Enable the following FEP features:

• Data masking

• Transparent Data Encryption (TDE)

• Fixed statistics

The Data masking is enabled by default in the example FEPClster CR (in OpenShift UI). The postgresql.conf in container contains the following parameters:

shared_preload_libraries = 'pgx_datamasking,pg_prewarm'
session_preload_libraries = 'pg_prewarm'
max_worker_processes= 20

The user can overwrite these values in config map.

TDE is enabled by default. Select one of the following as the keystore to store the master encryption key used for transparent data encryption.

• File-based keystore

• External key management service

If you use a key management service as your keystore, you can change the keystore to another key management service even after you deploy the FEP cluster. You cannot change from a file-based keystore to a key management service, or from a key management service to a file-based keystore.

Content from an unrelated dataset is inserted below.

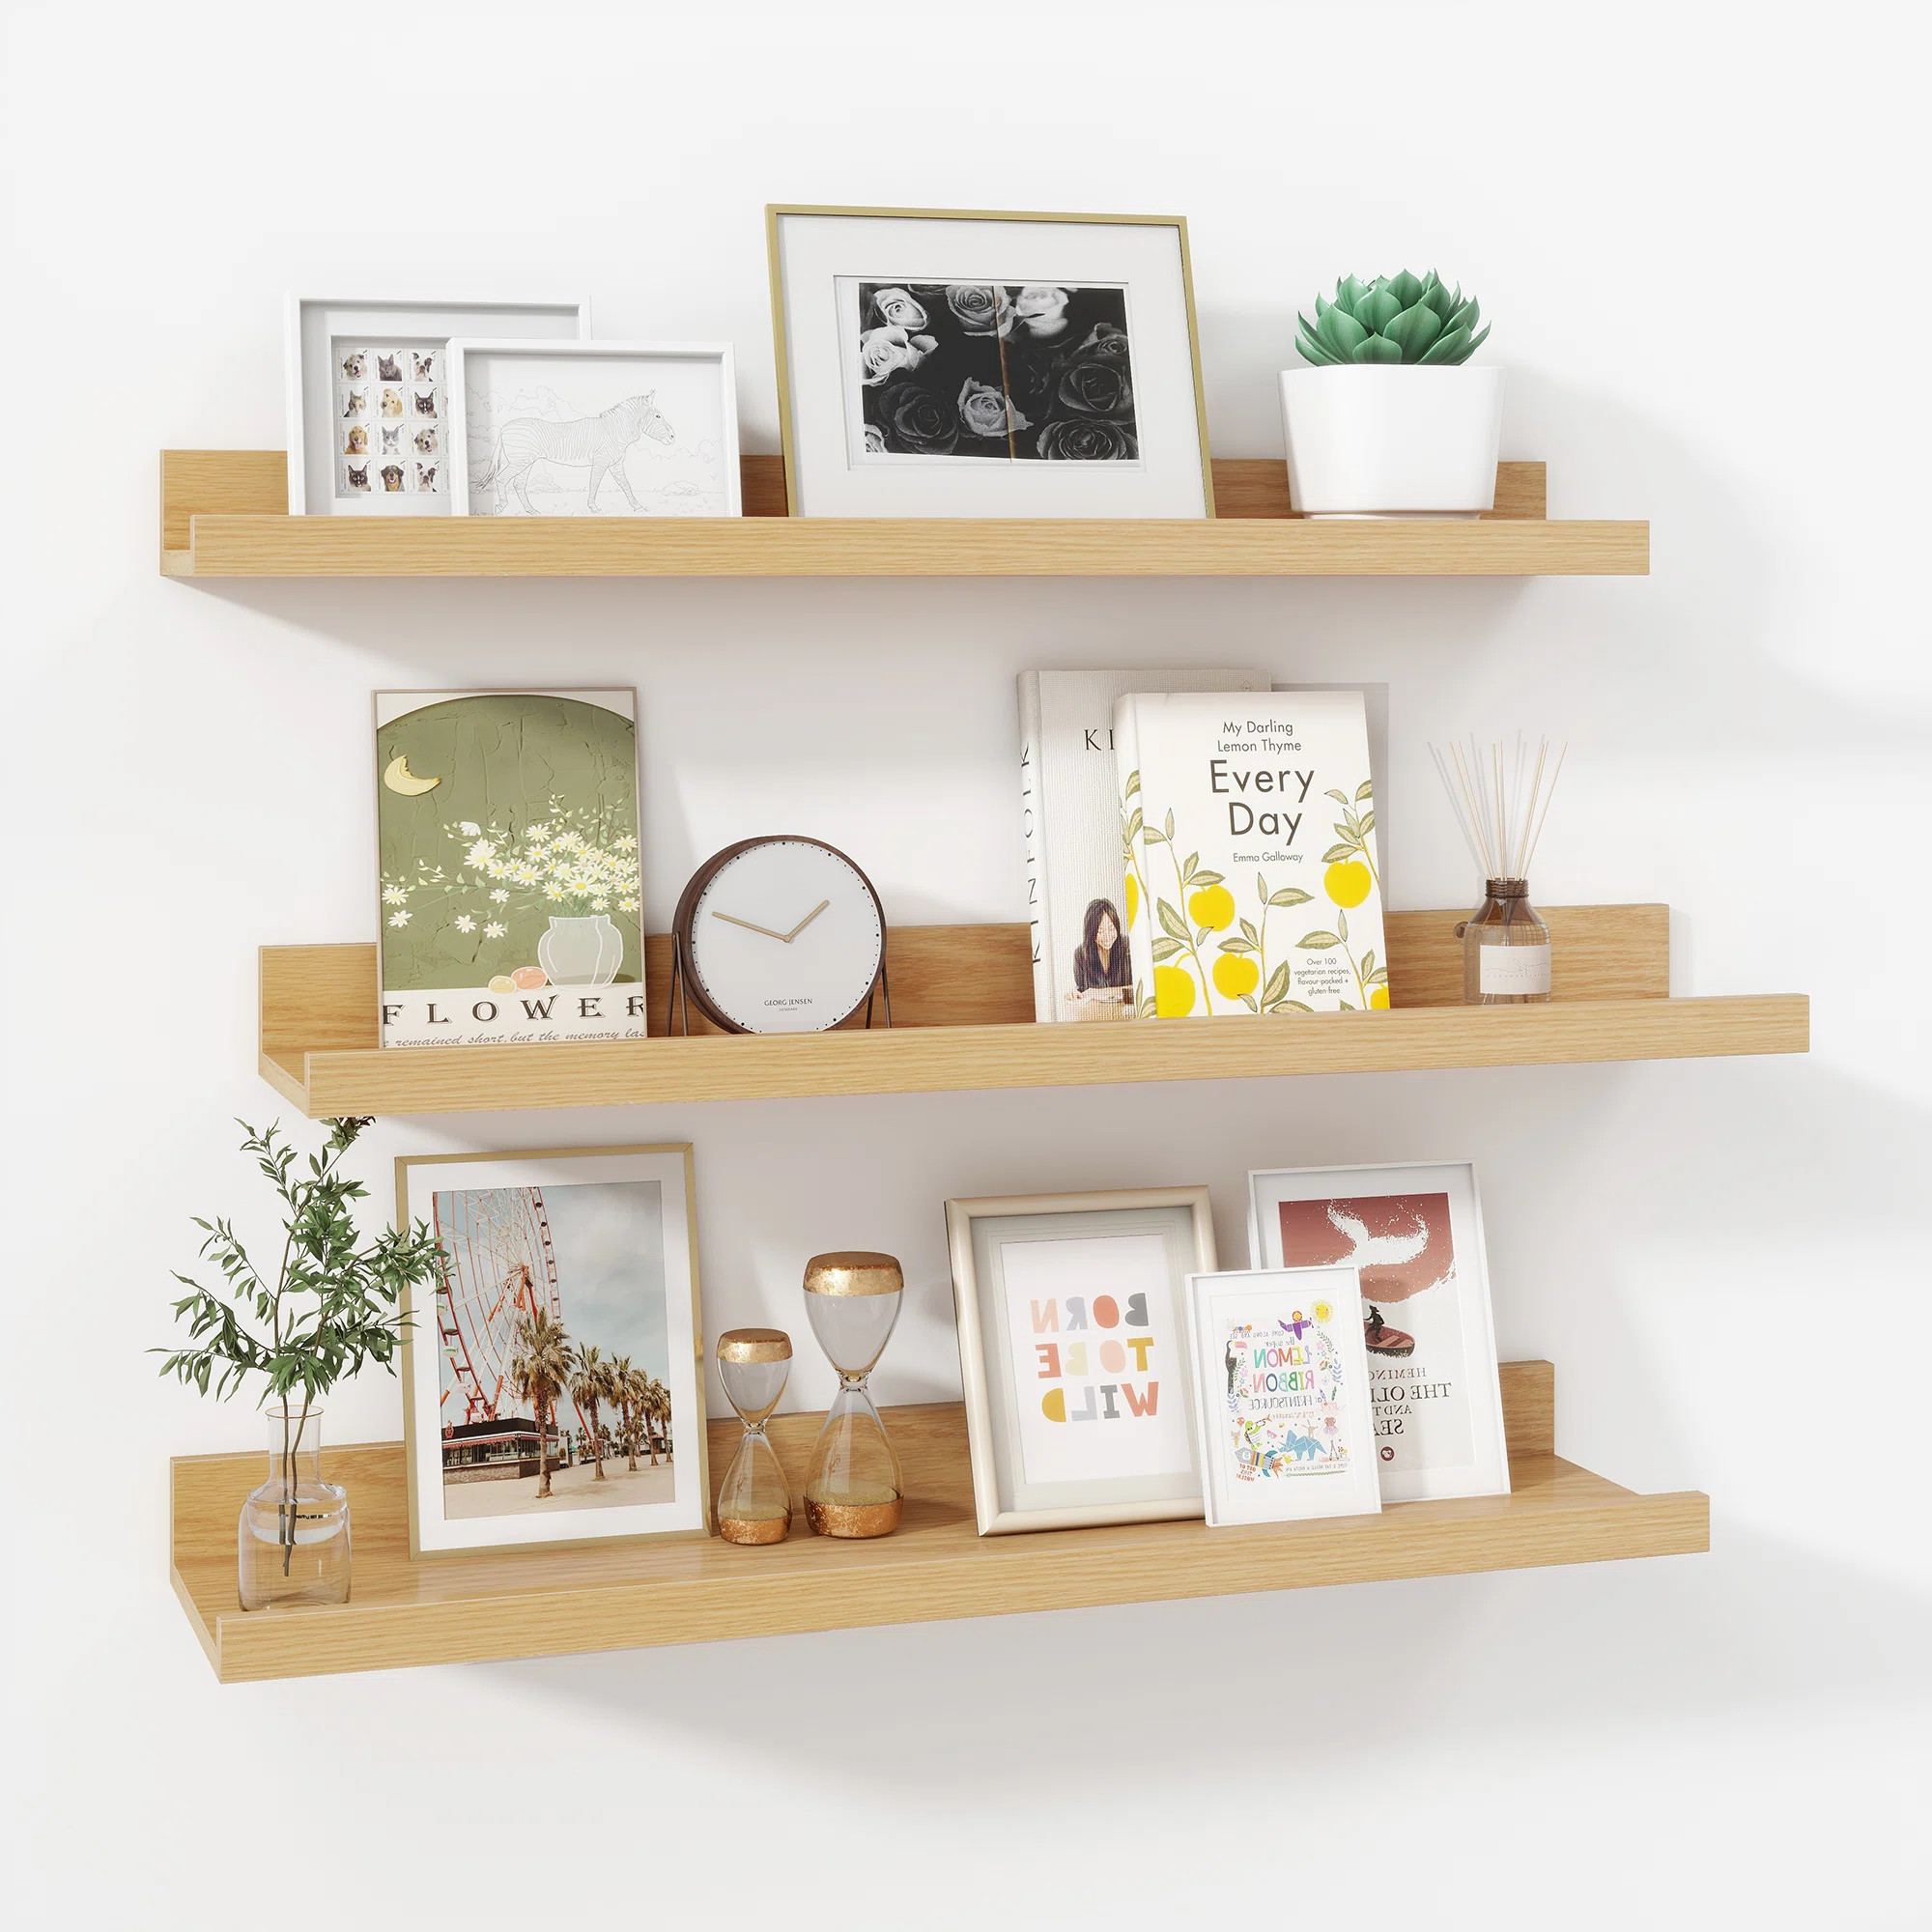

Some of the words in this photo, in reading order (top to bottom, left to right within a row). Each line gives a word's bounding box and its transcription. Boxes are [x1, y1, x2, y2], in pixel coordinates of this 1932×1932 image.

Refer to "2.3.12 Transparent Data Encryption Using a Key Management System" for the design perspective when using a key management system.

Fixed statistics(pg_dbms_stats) is enabled by default.

A dbms_stats schema is created in each database.

The list of statistics backups and the list of currently fixed objects can be referenced with pguser defined in the FEPClsuter custom resource.

It also takes a backup of statistics by default.

During a major upgrade, the backup statistics maintained in the database are no longer available. The immobilization status will also be released. Ttake a backup and fix it again after executing the major upgrade.